ABOUT THIS EXERCISE:
Repeat the entries that follow from start to finish, keeping every character.

RECORDS SHOWN:

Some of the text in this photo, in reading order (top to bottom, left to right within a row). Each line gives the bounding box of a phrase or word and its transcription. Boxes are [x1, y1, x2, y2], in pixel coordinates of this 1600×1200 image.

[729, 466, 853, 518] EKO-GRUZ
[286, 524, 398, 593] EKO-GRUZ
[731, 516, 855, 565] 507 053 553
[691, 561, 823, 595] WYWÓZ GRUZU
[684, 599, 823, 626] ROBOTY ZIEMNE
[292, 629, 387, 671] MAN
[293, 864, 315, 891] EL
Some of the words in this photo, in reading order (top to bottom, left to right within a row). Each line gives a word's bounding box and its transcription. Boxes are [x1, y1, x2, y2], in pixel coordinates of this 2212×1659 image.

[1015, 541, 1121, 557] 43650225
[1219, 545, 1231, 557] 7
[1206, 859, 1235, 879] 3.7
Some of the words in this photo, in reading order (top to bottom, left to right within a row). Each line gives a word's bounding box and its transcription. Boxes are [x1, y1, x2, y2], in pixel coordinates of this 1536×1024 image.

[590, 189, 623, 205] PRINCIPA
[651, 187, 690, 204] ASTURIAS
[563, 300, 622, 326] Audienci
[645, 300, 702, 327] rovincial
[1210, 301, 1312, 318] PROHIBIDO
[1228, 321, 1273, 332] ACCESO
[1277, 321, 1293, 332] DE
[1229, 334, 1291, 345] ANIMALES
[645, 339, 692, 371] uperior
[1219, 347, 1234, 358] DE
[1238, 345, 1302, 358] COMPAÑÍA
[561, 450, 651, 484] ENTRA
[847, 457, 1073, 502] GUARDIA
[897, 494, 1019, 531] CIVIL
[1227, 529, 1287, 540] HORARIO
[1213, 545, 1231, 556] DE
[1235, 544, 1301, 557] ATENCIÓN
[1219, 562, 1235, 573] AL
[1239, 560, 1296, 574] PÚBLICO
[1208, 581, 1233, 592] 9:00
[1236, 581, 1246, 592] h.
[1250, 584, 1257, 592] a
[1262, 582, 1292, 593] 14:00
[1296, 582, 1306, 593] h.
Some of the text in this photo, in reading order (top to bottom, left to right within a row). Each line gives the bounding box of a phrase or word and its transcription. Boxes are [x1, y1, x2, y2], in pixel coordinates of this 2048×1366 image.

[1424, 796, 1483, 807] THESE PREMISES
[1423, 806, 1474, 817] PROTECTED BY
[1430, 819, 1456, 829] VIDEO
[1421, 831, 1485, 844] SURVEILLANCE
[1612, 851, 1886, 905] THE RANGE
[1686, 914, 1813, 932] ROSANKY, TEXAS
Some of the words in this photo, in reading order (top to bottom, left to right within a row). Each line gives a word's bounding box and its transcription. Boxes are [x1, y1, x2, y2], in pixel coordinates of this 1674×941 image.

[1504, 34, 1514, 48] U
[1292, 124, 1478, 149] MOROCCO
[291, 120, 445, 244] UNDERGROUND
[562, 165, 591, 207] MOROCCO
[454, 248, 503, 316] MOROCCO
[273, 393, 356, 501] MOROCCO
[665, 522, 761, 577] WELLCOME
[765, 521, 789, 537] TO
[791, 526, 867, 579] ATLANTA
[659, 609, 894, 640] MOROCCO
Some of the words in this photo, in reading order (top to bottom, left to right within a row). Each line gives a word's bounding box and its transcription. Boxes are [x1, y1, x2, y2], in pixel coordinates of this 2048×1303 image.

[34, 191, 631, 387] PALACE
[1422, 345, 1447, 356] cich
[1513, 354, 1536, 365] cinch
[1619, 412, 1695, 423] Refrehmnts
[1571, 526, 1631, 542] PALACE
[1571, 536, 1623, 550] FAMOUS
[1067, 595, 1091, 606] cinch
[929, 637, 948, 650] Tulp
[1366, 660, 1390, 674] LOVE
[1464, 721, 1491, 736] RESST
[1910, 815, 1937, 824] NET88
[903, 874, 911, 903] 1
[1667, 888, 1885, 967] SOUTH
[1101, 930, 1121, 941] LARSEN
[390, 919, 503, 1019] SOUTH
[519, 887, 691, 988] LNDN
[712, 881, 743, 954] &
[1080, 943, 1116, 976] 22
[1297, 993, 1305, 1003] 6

ANSWER BELOW:
Some of the text in this photo, in reading order (top to bottom, left to right within a row). Each line gives the bounding box of a phrase or word and its transcription. Boxes are [x1, y1, x2, y2], in pixel coordinates of this 1600×1200 image.

[729, 466, 853, 518] EKO-GRUZ
[286, 524, 398, 593] EKO-GRUZ
[731, 516, 855, 565] 507 053 553
[691, 561, 823, 595] WYWÓZ GRUZU
[684, 599, 823, 626] ROBOTY ZIEMNE
[292, 629, 387, 671] MAN
[293, 864, 315, 891] EL
Some of the words in this photo, in reading order (top to bottom, left to right within a row). Each line gives a word's bounding box and its transcription. Boxes are [x1, y1, x2, y2], in pixel coordinates of this 2212×1659 image.

[1015, 541, 1121, 557] 43650225
[1219, 545, 1231, 557] 7
[1206, 859, 1235, 879] 3.7
Some of the words in this photo, in reading order (top to bottom, left to right within a row). Each line gives a word's bounding box and its transcription. Boxes are [x1, y1, x2, y2], in pixel coordinates of this 1536×1024 image.

[590, 189, 623, 205] PRINCIPA
[651, 187, 690, 204] ASTURIAS
[563, 300, 622, 326] Audienci
[645, 300, 702, 327] rovincial
[1210, 301, 1312, 318] PROHIBIDO
[1228, 321, 1273, 332] ACCESO
[1277, 321, 1293, 332] DE
[1229, 334, 1291, 345] ANIMALES
[645, 339, 692, 371] uperior
[1219, 347, 1234, 358] DE
[1238, 345, 1302, 358] COMPAÑÍA
[561, 450, 651, 484] ENTRA
[847, 457, 1073, 502] GUARDIA
[897, 494, 1019, 531] CIVIL
[1227, 529, 1287, 540] HORARIO
[1213, 545, 1231, 556] DE
[1235, 544, 1301, 557] ATENCIÓN
[1219, 562, 1235, 573] AL
[1239, 560, 1296, 574] PÚBLICO
[1208, 581, 1233, 592] 9:00
[1236, 581, 1246, 592] h.
[1250, 584, 1257, 592] a
[1262, 582, 1292, 593] 14:00
[1296, 582, 1306, 593] h.
Some of the text in this photo, in reading order (top to bottom, left to right within a row). Each line gives the bounding box of a phrase or word and its transcription. Boxes are [x1, y1, x2, y2], in pixel coordinates of this 2048×1366 image.

[1424, 796, 1483, 807] THESE PREMISES
[1423, 806, 1474, 817] PROTECTED BY
[1430, 819, 1456, 829] VIDEO
[1421, 831, 1485, 844] SURVEILLANCE
[1612, 851, 1886, 905] THE RANGE
[1686, 914, 1813, 932] ROSANKY, TEXAS
Some of the words in this photo, in reading order (top to bottom, left to right within a row). Each line gives a word's bounding box and its transcription. Boxes are [x1, y1, x2, y2], in pixel coordinates of this 1674×941 image.

[1504, 34, 1514, 48] U
[1292, 124, 1478, 149] MOROCCO
[291, 120, 445, 244] UNDERGROUND
[562, 165, 591, 207] MOROCCO
[454, 248, 503, 316] MOROCCO
[273, 393, 356, 501] MOROCCO
[665, 522, 761, 577] WELLCOME
[765, 521, 789, 537] TO
[791, 526, 867, 579] ATLANTA
[659, 609, 894, 640] MOROCCO
Some of the words in this photo, in reading order (top to bottom, left to right within a row). Each line gives a word's bounding box and its transcription. Boxes are [x1, y1, x2, y2], in pixel coordinates of this 2048×1303 image.

[34, 191, 631, 387] PALACE
[1422, 345, 1447, 356] cich
[1513, 354, 1536, 365] cinch
[1619, 412, 1695, 423] Refrehmnts
[1571, 526, 1631, 542] PALACE
[1571, 536, 1623, 550] FAMOUS
[1067, 595, 1091, 606] cinch
[929, 637, 948, 650] Tulp
[1366, 660, 1390, 674] LOVE
[1464, 721, 1491, 736] RESST
[1910, 815, 1937, 824] NET88
[903, 874, 911, 903] 1
[1667, 888, 1885, 967] SOUTH
[1101, 930, 1121, 941] LARSEN
[390, 919, 503, 1019] SOUTH
[519, 887, 691, 988] LNDN
[712, 881, 743, 954] &
[1080, 943, 1116, 976] 22
[1297, 993, 1305, 1003] 6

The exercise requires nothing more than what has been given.